-------- RAW DATA --------
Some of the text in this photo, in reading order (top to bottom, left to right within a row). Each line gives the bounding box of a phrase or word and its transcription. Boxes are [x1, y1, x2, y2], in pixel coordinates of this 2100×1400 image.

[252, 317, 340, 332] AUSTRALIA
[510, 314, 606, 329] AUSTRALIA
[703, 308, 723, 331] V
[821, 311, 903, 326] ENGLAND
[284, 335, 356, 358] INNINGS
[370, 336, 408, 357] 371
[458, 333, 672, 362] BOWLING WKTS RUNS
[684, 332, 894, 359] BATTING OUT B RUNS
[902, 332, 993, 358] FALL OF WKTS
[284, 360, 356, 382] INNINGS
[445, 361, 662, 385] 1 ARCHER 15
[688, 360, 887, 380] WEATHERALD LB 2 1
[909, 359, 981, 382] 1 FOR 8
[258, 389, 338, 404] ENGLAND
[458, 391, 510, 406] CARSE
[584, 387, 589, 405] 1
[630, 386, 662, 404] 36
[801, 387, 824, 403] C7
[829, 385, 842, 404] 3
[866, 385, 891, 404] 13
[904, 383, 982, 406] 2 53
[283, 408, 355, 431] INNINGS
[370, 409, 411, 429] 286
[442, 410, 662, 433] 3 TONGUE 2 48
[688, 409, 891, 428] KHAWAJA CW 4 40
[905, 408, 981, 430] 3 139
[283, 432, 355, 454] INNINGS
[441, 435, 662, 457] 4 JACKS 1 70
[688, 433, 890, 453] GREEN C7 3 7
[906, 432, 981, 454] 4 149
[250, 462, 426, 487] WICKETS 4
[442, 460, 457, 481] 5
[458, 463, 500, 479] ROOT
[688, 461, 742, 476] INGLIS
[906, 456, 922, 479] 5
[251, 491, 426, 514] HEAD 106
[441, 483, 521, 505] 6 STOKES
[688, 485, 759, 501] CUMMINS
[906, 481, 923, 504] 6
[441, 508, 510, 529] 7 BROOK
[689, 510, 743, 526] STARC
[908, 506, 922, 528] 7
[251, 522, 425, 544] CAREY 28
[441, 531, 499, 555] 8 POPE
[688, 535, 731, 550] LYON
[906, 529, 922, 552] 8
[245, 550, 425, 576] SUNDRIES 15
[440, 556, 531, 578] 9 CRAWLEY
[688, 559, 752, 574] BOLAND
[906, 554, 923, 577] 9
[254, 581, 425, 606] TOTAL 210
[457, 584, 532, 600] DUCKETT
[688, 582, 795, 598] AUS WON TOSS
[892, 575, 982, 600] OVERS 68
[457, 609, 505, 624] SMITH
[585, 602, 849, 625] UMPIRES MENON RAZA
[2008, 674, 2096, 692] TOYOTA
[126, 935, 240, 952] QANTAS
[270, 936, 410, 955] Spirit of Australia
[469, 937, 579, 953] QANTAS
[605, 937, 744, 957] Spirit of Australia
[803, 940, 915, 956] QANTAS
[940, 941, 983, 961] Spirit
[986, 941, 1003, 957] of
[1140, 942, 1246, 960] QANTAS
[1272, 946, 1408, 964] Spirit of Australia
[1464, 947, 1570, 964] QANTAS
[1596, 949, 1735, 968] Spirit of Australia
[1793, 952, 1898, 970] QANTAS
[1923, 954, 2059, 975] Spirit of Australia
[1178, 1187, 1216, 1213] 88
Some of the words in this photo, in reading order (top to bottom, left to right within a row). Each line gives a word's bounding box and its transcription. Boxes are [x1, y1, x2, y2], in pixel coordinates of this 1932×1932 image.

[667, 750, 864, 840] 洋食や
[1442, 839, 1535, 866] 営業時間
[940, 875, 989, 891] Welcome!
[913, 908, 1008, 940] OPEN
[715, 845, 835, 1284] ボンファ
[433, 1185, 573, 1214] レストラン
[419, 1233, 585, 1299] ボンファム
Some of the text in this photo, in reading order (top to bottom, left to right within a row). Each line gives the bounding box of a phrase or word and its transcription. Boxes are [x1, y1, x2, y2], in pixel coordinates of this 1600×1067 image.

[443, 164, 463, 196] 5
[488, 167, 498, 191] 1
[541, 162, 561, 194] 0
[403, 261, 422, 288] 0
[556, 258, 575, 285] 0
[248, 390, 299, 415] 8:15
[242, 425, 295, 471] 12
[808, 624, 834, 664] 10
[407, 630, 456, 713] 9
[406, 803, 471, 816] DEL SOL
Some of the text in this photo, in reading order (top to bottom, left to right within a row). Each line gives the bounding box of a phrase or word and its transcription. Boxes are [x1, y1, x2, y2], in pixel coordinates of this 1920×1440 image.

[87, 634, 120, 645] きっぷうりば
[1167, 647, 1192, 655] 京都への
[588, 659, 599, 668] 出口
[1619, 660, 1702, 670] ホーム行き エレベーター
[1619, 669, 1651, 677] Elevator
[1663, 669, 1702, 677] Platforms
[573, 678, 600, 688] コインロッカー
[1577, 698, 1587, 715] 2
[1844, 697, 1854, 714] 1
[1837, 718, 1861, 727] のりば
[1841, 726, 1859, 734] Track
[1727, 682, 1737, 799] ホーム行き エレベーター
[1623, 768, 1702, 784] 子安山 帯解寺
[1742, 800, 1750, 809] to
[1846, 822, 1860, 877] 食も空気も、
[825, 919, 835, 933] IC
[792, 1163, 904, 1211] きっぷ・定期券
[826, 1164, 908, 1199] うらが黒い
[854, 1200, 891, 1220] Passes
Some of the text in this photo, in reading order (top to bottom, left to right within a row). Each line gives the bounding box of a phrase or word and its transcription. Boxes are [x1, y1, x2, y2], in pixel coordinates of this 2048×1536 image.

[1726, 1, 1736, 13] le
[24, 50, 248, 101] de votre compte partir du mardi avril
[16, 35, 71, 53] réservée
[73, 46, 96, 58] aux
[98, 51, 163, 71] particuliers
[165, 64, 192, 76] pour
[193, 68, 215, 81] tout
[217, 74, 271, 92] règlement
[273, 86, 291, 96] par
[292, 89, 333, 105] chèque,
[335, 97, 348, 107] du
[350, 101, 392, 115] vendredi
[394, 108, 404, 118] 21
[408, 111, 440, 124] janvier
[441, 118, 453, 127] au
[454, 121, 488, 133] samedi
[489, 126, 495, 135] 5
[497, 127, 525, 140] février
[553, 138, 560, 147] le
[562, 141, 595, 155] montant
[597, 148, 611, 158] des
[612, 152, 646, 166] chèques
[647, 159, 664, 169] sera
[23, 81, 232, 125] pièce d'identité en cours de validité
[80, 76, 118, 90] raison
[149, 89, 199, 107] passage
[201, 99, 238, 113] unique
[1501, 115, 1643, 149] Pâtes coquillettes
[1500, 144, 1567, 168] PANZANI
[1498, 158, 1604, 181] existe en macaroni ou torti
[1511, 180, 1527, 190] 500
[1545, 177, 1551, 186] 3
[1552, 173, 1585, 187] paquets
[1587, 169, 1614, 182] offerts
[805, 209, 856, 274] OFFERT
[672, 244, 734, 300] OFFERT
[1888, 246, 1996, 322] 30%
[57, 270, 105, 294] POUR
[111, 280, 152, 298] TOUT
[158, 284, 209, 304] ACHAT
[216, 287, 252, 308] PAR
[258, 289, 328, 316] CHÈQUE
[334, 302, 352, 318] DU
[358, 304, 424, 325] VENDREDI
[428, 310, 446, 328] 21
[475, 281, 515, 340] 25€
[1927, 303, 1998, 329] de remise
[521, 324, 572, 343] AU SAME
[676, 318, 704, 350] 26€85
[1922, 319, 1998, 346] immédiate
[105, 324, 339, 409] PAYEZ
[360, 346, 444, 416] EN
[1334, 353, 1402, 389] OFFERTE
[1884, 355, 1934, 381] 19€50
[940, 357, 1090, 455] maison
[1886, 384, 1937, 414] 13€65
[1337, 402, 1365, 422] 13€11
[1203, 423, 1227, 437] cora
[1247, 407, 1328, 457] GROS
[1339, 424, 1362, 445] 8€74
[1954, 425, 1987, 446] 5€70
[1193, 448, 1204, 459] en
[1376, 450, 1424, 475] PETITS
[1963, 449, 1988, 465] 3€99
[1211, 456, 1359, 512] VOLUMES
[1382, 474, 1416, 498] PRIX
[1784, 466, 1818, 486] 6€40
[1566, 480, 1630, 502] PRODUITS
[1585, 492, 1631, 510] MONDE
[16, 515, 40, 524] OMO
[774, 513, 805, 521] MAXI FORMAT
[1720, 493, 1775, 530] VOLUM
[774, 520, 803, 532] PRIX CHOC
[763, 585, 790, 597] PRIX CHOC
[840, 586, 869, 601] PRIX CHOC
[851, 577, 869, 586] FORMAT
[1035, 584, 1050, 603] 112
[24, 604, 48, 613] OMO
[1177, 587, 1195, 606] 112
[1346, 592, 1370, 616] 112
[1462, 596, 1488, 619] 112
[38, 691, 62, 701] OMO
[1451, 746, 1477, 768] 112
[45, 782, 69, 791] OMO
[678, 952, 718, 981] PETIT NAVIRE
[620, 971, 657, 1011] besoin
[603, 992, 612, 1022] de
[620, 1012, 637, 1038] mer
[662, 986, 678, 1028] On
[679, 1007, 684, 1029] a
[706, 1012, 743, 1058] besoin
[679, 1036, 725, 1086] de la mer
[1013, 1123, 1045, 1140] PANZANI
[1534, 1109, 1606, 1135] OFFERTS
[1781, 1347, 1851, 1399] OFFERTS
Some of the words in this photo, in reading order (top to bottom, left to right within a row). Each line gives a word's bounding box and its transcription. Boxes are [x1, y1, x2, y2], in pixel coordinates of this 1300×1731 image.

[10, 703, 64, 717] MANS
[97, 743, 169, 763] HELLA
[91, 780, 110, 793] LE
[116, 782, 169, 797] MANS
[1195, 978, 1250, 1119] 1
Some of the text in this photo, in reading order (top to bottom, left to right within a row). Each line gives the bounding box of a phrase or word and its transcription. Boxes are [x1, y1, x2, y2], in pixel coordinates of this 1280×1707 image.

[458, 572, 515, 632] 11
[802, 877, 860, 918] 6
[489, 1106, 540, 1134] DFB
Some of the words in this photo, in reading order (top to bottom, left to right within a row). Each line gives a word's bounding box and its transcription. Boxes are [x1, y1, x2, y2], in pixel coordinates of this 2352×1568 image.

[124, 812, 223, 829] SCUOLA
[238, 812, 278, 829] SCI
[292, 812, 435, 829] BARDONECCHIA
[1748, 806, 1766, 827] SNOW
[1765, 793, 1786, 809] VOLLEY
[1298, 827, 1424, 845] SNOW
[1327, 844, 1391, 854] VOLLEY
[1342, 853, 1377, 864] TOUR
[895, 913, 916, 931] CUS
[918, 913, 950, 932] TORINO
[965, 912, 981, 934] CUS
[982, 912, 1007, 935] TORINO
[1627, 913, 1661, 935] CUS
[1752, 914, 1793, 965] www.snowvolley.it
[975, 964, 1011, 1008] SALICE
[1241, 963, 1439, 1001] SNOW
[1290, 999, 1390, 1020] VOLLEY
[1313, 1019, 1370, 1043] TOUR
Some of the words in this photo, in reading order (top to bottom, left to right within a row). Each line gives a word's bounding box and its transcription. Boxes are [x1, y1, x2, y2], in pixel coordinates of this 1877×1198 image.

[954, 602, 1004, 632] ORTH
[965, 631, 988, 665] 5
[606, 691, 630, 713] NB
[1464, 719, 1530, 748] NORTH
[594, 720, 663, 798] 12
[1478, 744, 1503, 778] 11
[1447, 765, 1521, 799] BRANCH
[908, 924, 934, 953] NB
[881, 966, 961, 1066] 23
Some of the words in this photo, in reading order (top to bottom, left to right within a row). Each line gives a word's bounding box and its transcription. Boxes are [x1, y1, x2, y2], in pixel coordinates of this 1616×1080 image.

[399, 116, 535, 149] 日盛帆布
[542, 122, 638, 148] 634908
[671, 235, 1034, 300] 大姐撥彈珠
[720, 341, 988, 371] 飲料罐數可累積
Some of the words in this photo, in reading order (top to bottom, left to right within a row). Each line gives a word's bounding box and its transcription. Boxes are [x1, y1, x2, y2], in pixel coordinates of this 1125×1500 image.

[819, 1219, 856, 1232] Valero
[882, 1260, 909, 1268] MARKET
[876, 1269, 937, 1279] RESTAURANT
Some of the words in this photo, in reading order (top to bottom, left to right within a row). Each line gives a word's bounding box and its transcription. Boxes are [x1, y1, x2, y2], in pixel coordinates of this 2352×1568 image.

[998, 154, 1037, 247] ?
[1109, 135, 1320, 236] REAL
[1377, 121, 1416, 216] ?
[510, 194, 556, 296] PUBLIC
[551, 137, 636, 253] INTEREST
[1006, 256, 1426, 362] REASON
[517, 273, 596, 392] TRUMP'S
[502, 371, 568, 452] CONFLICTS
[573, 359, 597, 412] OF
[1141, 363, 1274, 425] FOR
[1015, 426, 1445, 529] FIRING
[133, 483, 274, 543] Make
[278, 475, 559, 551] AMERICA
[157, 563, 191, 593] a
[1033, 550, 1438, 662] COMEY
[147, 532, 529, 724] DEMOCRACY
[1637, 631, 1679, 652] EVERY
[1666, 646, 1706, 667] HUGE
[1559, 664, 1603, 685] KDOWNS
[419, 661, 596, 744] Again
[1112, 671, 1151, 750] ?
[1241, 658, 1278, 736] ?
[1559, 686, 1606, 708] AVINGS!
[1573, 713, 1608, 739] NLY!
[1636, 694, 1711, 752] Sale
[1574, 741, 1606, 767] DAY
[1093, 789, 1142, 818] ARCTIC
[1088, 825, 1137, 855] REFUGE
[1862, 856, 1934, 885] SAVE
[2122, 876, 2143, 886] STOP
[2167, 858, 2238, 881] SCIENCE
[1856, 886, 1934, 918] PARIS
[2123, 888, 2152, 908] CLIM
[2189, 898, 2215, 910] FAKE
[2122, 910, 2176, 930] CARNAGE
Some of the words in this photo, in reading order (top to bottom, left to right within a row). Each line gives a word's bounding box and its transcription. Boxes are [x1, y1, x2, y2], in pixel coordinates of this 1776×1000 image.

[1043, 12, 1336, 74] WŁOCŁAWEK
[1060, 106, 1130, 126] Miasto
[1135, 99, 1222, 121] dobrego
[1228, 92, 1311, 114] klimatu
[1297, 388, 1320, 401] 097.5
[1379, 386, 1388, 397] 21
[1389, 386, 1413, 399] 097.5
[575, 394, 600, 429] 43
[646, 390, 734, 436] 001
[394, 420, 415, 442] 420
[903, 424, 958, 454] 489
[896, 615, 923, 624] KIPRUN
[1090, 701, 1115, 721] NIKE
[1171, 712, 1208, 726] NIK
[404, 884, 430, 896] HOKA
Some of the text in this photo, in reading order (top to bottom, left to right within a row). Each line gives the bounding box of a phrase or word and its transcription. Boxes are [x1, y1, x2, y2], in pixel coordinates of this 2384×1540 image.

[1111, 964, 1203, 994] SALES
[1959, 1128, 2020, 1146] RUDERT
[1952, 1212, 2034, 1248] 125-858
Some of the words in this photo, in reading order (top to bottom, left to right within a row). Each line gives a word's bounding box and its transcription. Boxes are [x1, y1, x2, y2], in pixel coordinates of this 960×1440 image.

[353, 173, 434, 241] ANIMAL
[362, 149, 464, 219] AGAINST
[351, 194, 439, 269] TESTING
--------
EXERCISE
Your answer must be the line containing "this 960×1440 image." and each line after it in the listing above, copied exactly.

WRITTEN REPLY
Some of the words in this photo, in reading order (top to bottom, left to right within a row). Each line gives a word's bounding box and its transcription. Boxes are [x1, y1, x2, y2], in pixel coordinates of this 960×1440 image.

[353, 173, 434, 241] ANIMAL
[362, 149, 464, 219] AGAINST
[351, 194, 439, 269] TESTING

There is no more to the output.